By: Julia Cipriano, MS
Posted: Monday, August 26, 2024

Patients with high-risk, early-stage breast cancer derived significant breast cancer recurrence–free, event-free, and distant disease–free survival benefits from tailored dose-dense vs standard adjuvant chemotherapy, based on the end-of-study results of the international phase III PANTHER trial published in the Journal of Clinical Oncology. According to Alexios Matikas, MD, PhD, of Karolinska Institutet, Stockholm, and colleagues, dose-dense schedules appear to maintain superiority irrespective of comparator treatment.

“Observed improvements [with dose-dense adjuvant chemotherapy every 2 weeks] are largely limited to studies using the suboptimal paclitaxel schedule every 3 weeks as a control,” the investigators commented. “[Based on the primary efficacy analysis of this trial with a docetaxel-containing control regimen], after a median follow-up of 5.3 years, the primary and secondary time-to-event outcomes all favored the [dose-dense schedule], although only the difference in event-free survival was significant.”  
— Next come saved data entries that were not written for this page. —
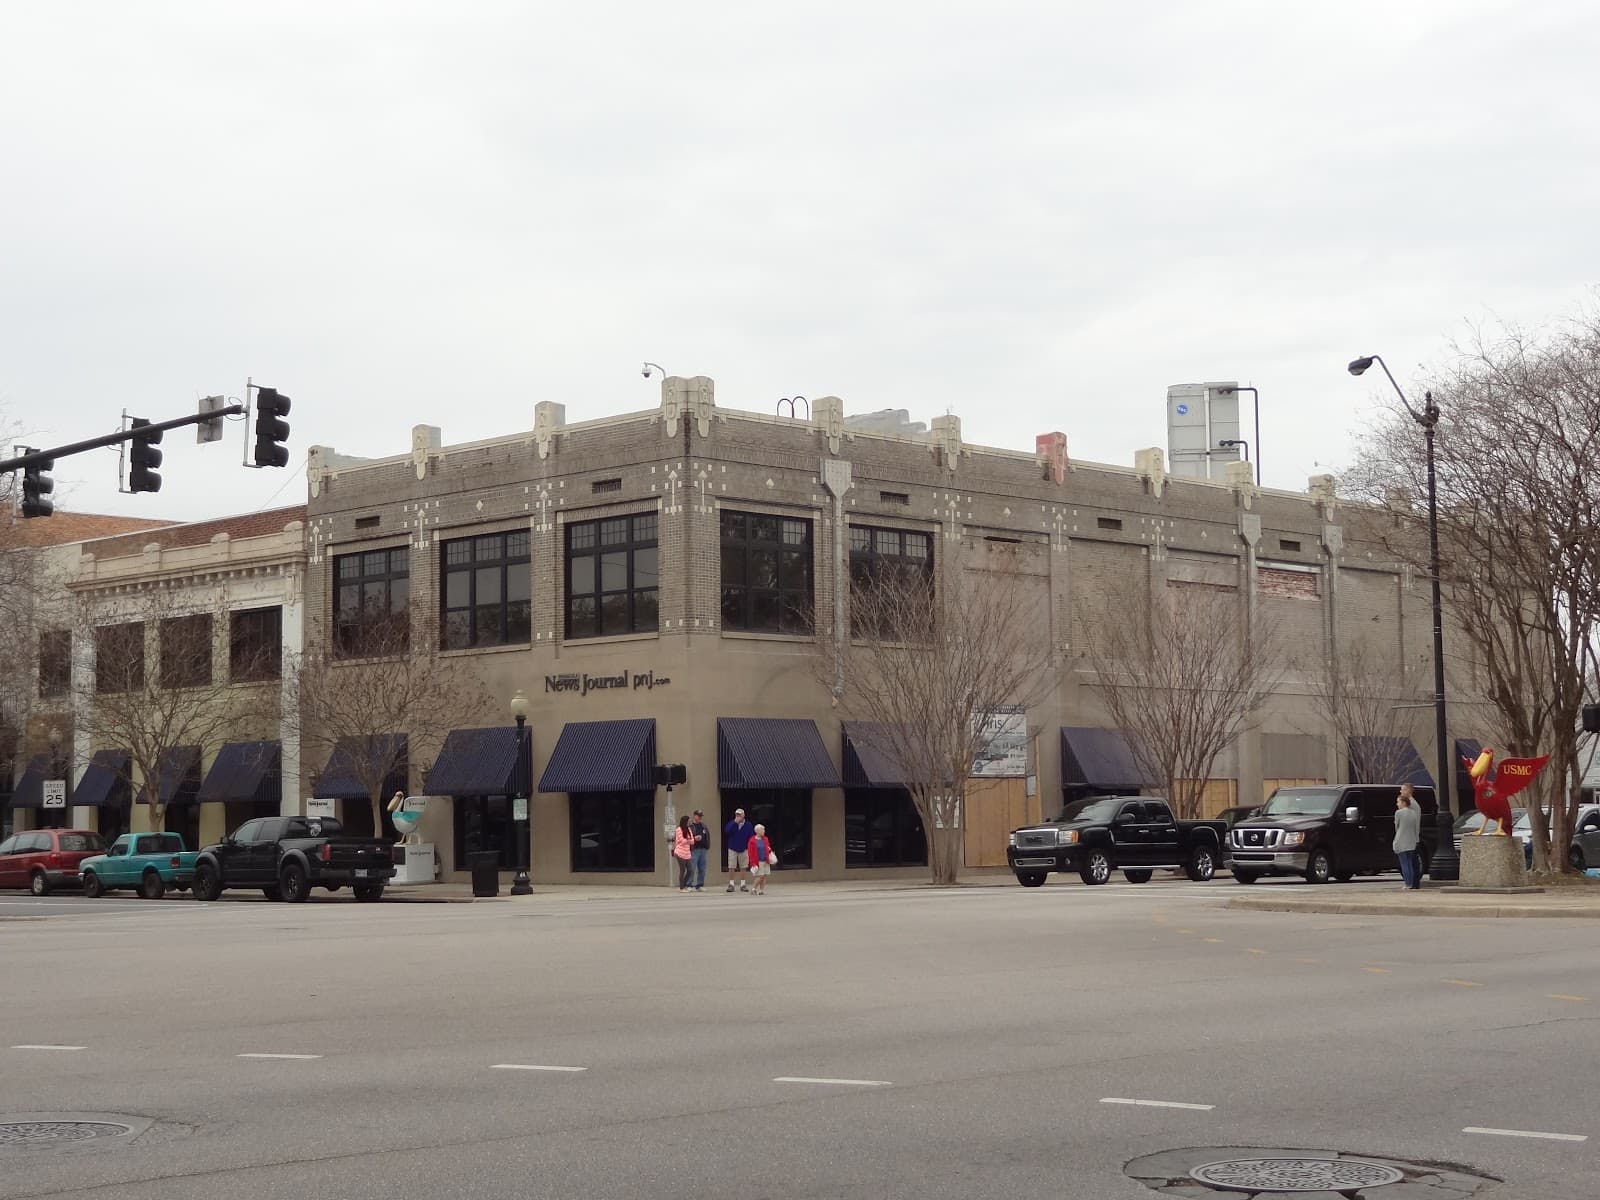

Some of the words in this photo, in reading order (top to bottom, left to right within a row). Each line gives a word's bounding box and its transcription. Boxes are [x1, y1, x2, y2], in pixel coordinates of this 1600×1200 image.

[545, 675, 579, 693] News
[581, 670, 628, 697] Journal
[633, 669, 671, 691] pnj.com
[1503, 764, 1532, 776] USMC
[46, 794, 63, 805] 25
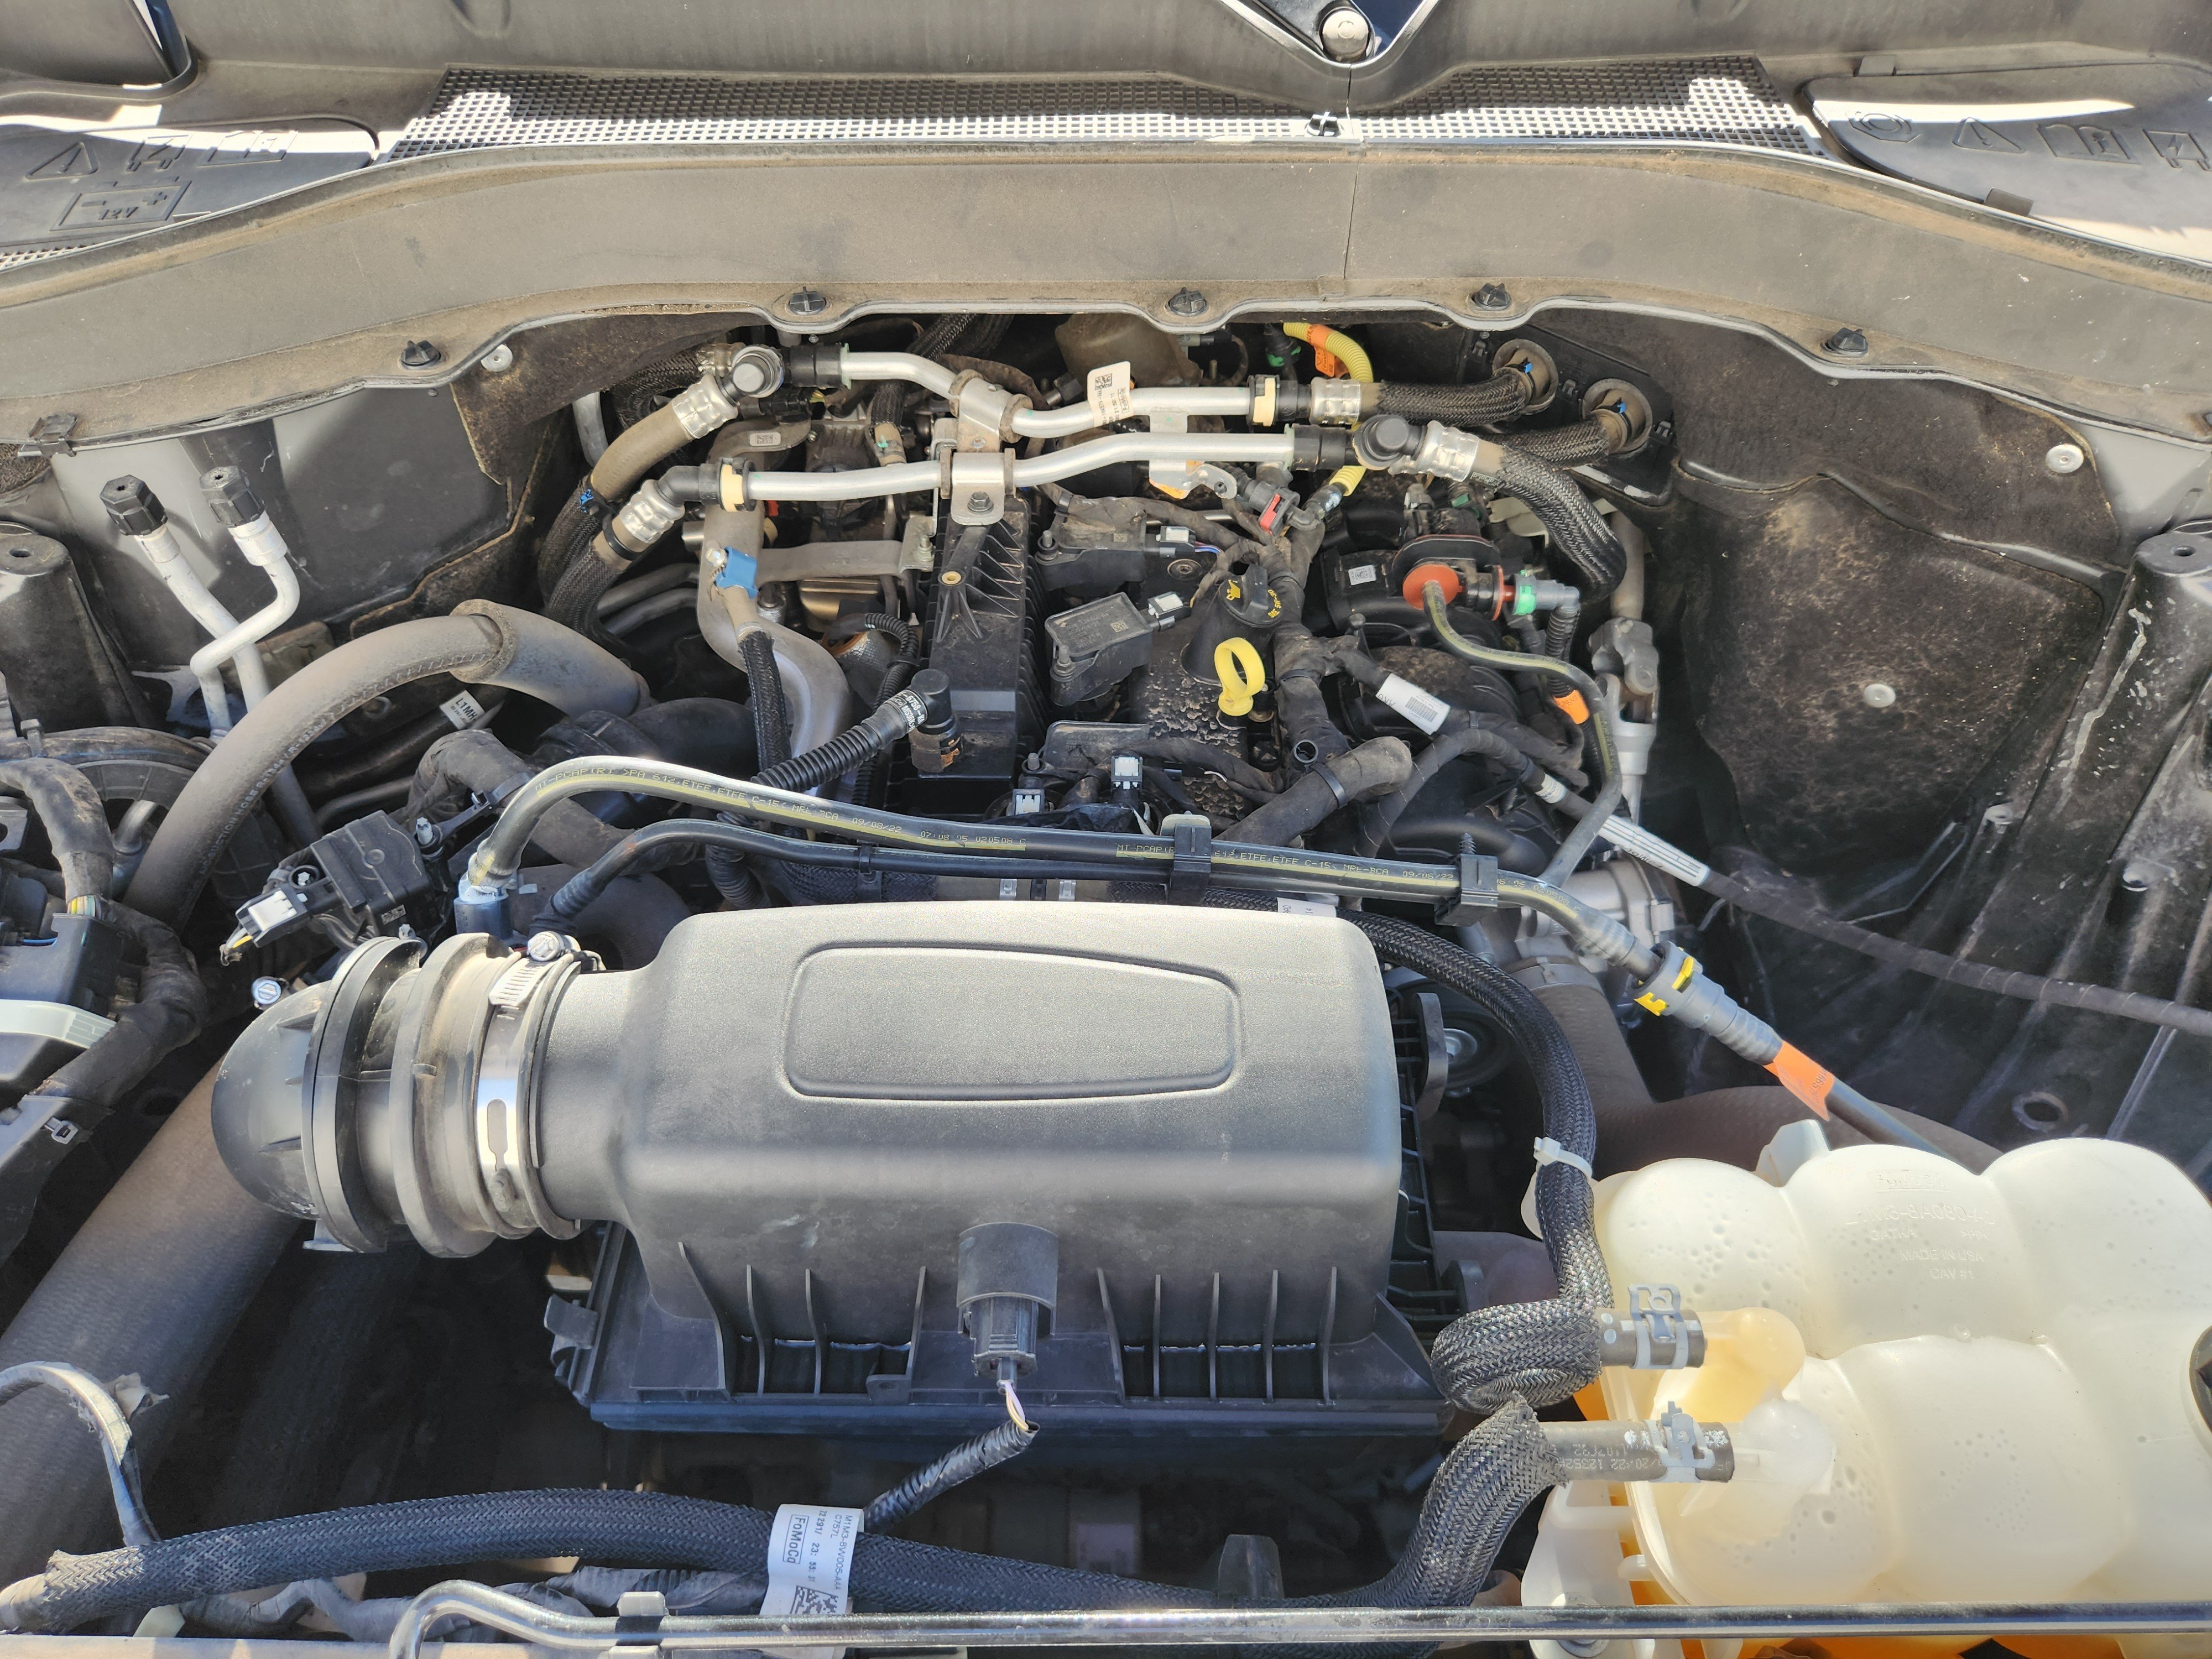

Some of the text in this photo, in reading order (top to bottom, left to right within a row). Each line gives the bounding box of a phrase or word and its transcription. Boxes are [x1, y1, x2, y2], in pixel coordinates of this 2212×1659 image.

[1267, 608, 1280, 618] SAE
[852, 817, 902, 833] 09/08/22
[1899, 1249, 1985, 1262] MADE IN USA
[1929, 1267, 1957, 1280] CAV
[787, 1516, 806, 1564] FoMoCo
Patients from 86 sites in Austria, Germany, and Sweden who had undergone primary surgery for nonmetastatic disease were randomly assigned to receive tailored dose-dense (n = 1,001) or standard (n = 1,002) chemotherapy. The dose-dense regimen consisted of four cycles of epirubicin plus cyclophosphamide every 2 weeks followed by four cycles of docetaxel every 2 weeks, with doses tailored according to a predefined hematologic toxicity algorithm. Patients allocated to the standard regimen received three cycles of fluorouracil and epirubicin plus cyclophosphamide every 3 weeks followed by three cycles of docetaxel every 3 weeks.

At the time of this analysis, follow-up data were provided for a median of 10.3 years. Dose-dense vs standard chemotherapy was found to improve breast cancer recurrence–free (hazard ratio [HR] = 0.80; P = .030), event-free (HR = 0.78; P = .009), and distant disease–free (HR = 0.79; P = .030) survival. However, the investigators reported no statistically significant improvement in overall survival (HR = 0.82; P = .109).

Disclosure: For full disclosures of the study authors, visit ascopubs.org.